■ Problem to work on
Pictures within the data are to be left out; everything else must be reproduced exactly.

---*---

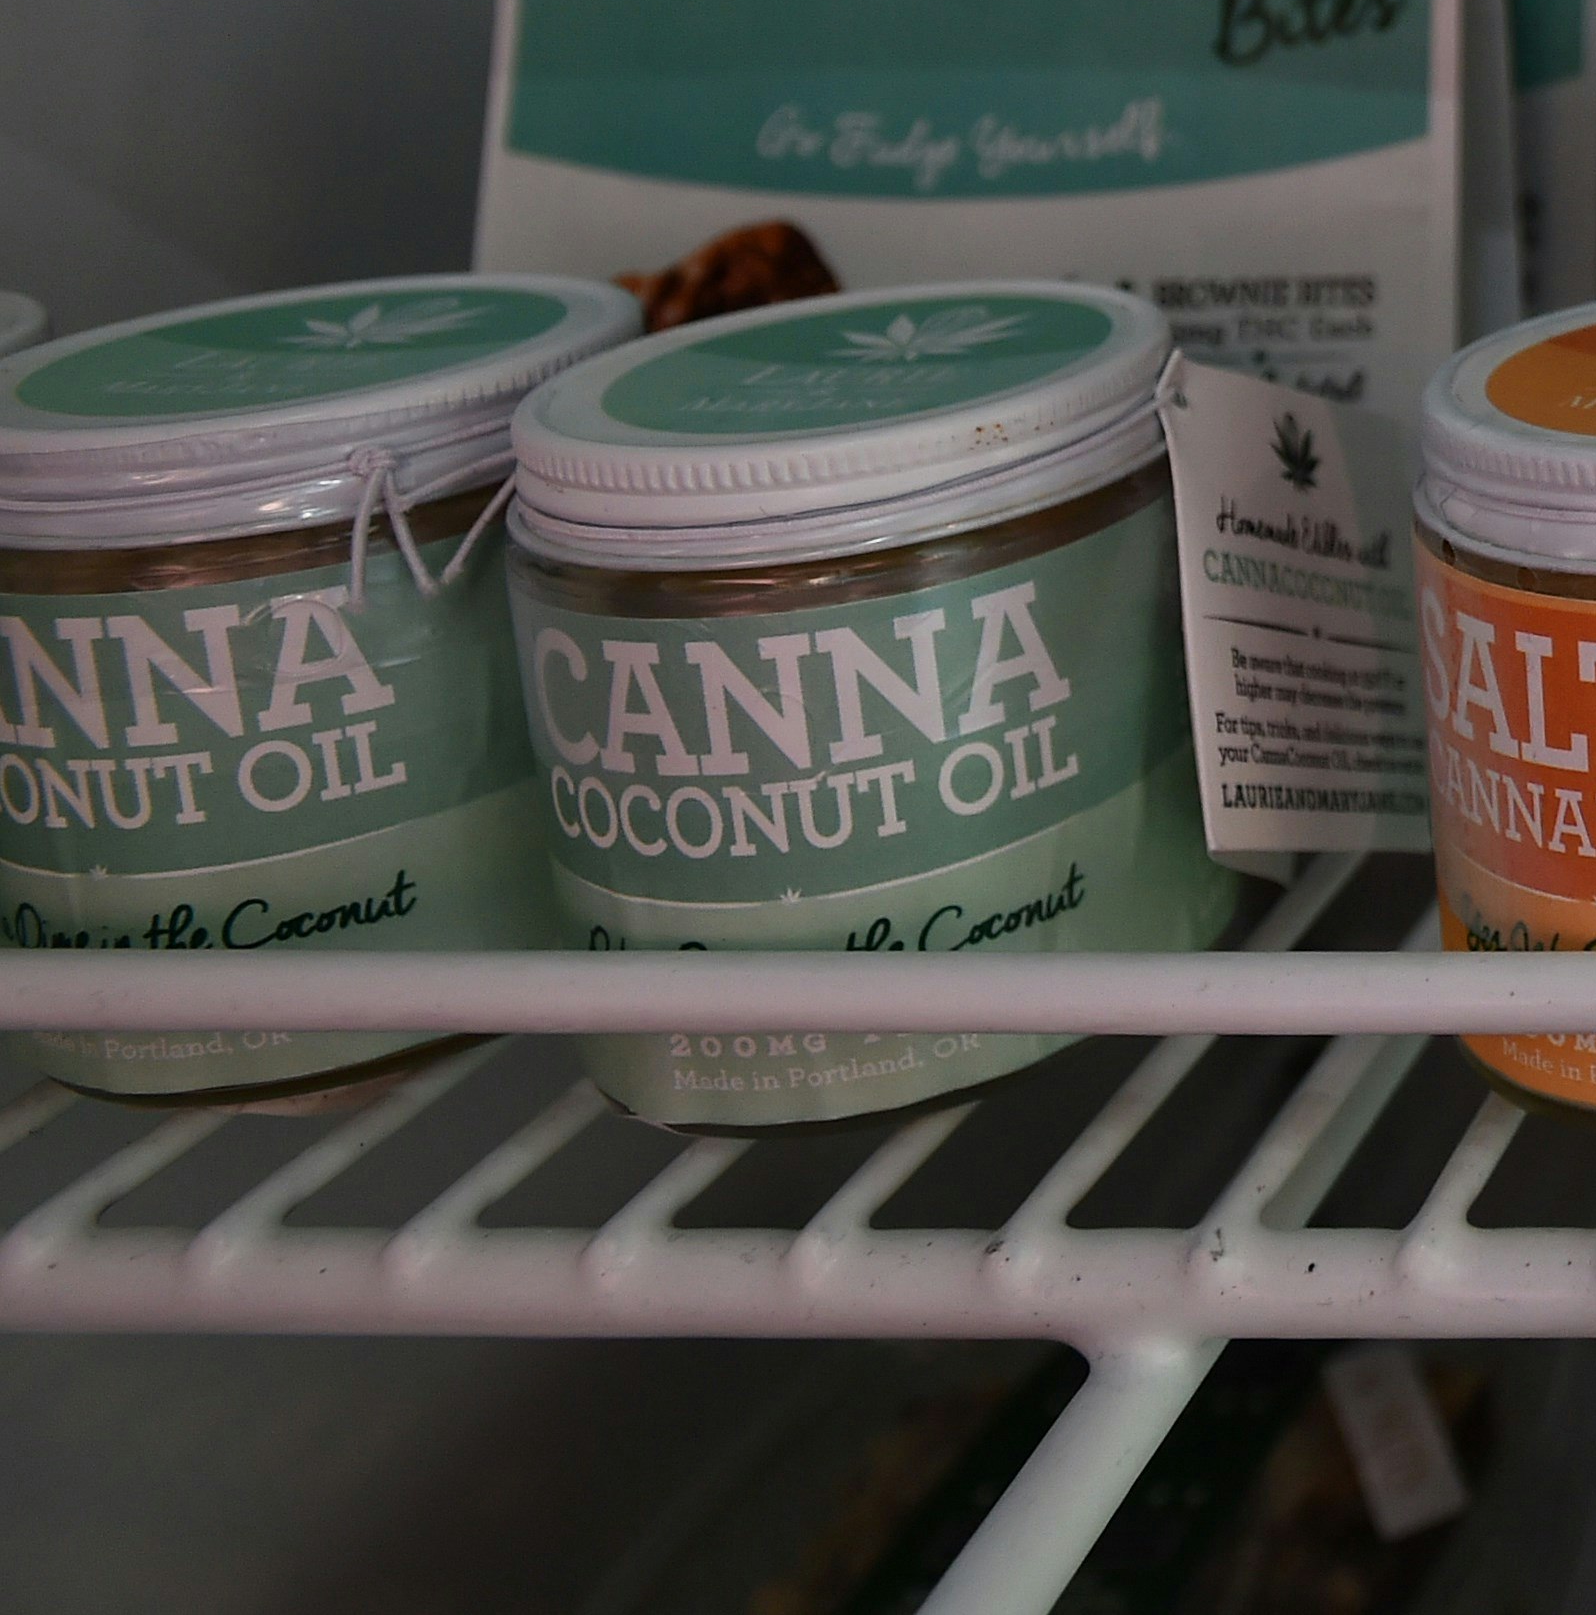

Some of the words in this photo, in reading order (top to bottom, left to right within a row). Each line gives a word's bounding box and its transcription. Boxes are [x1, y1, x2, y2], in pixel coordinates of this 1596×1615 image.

[0, 585, 396, 749] NNA
[534, 580, 1071, 777] CANNA
[1215, 712, 1238, 734] For
[1218, 745, 1249, 767] your
[0, 750, 214, 830] ONUT
[237, 720, 407, 813] OIL
[551, 759, 916, 860] COCONUT
[937, 716, 1080, 816] OIL
[221, 869, 417, 950] Coconut
[918, 862, 1085, 952] Coconut
[104, 1032, 236, 1062] Portland,
[669, 1033, 828, 1059] 200MG
[672, 1069, 745, 1092] Made
[752, 1069, 778, 1091] in
[788, 1049, 926, 1091] Portland,
[932, 1033, 982, 1060] OR
[1502, 1038, 1554, 1073] Made
[1560, 1055, 1582, 1081] in
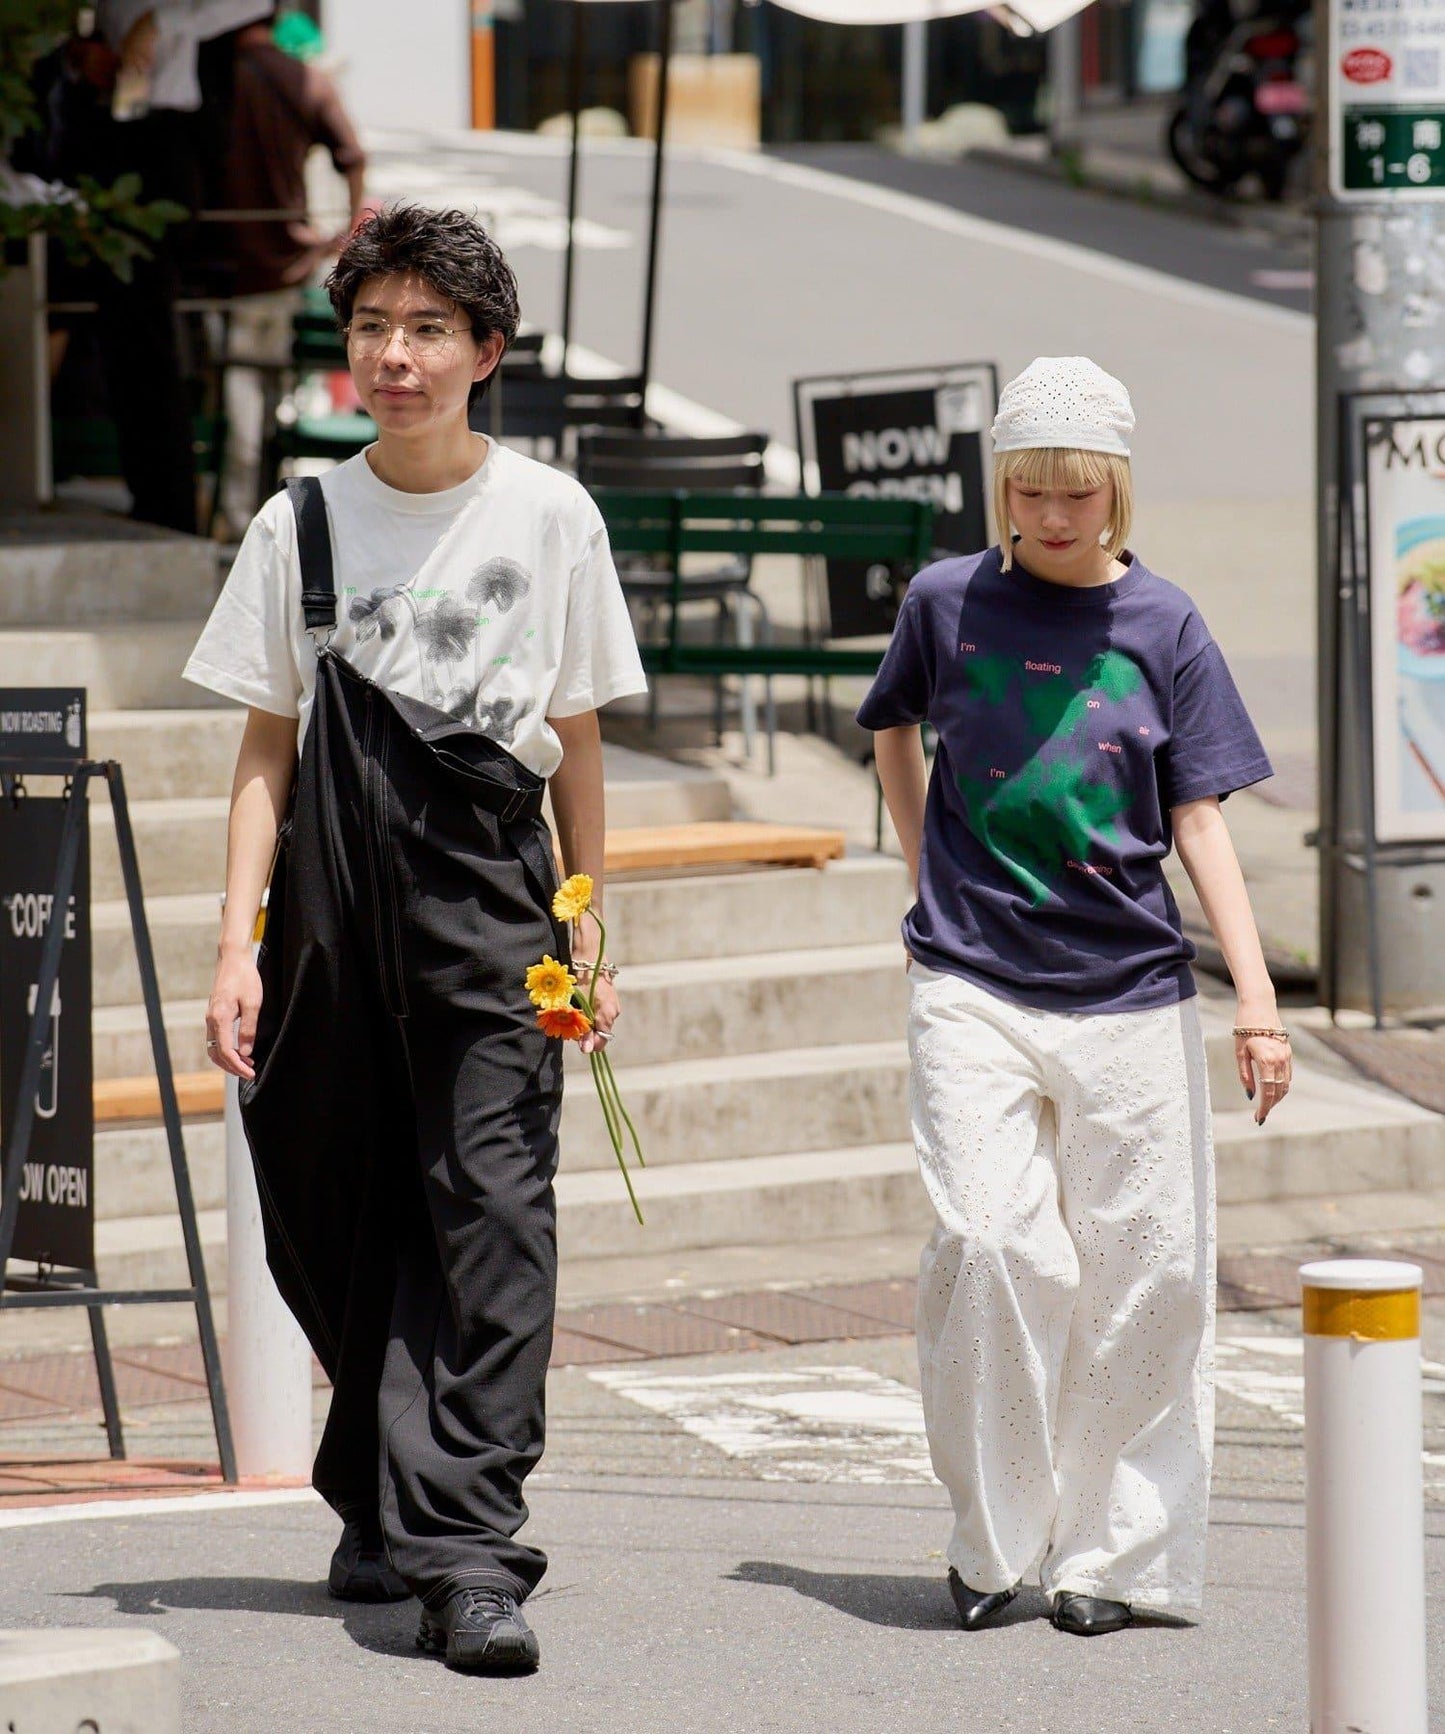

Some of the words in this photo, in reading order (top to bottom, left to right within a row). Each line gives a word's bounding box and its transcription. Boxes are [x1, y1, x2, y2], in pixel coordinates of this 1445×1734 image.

[1368, 153, 1432, 184] 1-6
[844, 427, 948, 471] NOW
[960, 642, 976, 652] I'm
[1025, 660, 1062, 674] floating
[1087, 700, 1100, 708] on
[0, 711, 21, 733] NOW
[22, 711, 63, 733] ROASTING
[1139, 726, 1150, 735] air
[1098, 742, 1122, 753] when
[990, 768, 1005, 778] I'm
[46, 1164, 87, 1207] OPEN

---*---

■ Exercise response
Some of the words in this photo, in reading order (top to bottom, left to right within a row). Each line gives a word's bounding box and its transcription. Boxes are [x1, y1, x2, y2], in pixel coordinates of this 1596×1615 image.

[0, 585, 396, 749] NNA
[534, 580, 1071, 777] CANNA
[1215, 712, 1238, 734] For
[1218, 745, 1249, 767] your
[0, 750, 214, 830] ONUT
[237, 720, 407, 813] OIL
[551, 759, 916, 860] COCONUT
[937, 716, 1080, 816] OIL
[221, 869, 417, 950] Coconut
[918, 862, 1085, 952] Coconut
[104, 1032, 236, 1062] Portland,
[669, 1033, 828, 1059] 200MG
[672, 1069, 745, 1092] Made
[752, 1069, 778, 1091] in
[788, 1049, 926, 1091] Portland,
[932, 1033, 982, 1060] OR
[1502, 1038, 1554, 1073] Made
[1560, 1055, 1582, 1081] in

Some of the words in this photo, in reading order (top to bottom, left to right within a row). Each line gives a word's bounding box and its transcription. Boxes are [x1, y1, x2, y2], in pixel coordinates of this 1445×1734 image.

[1368, 153, 1432, 184] 1-6
[844, 427, 948, 471] NOW
[960, 642, 976, 652] I'm
[1025, 660, 1062, 674] floating
[1087, 700, 1100, 708] on
[0, 711, 21, 733] NOW
[22, 711, 63, 733] ROASTING
[1139, 726, 1150, 735] air
[1098, 742, 1122, 753] when
[990, 768, 1005, 778] I'm
[46, 1164, 87, 1207] OPEN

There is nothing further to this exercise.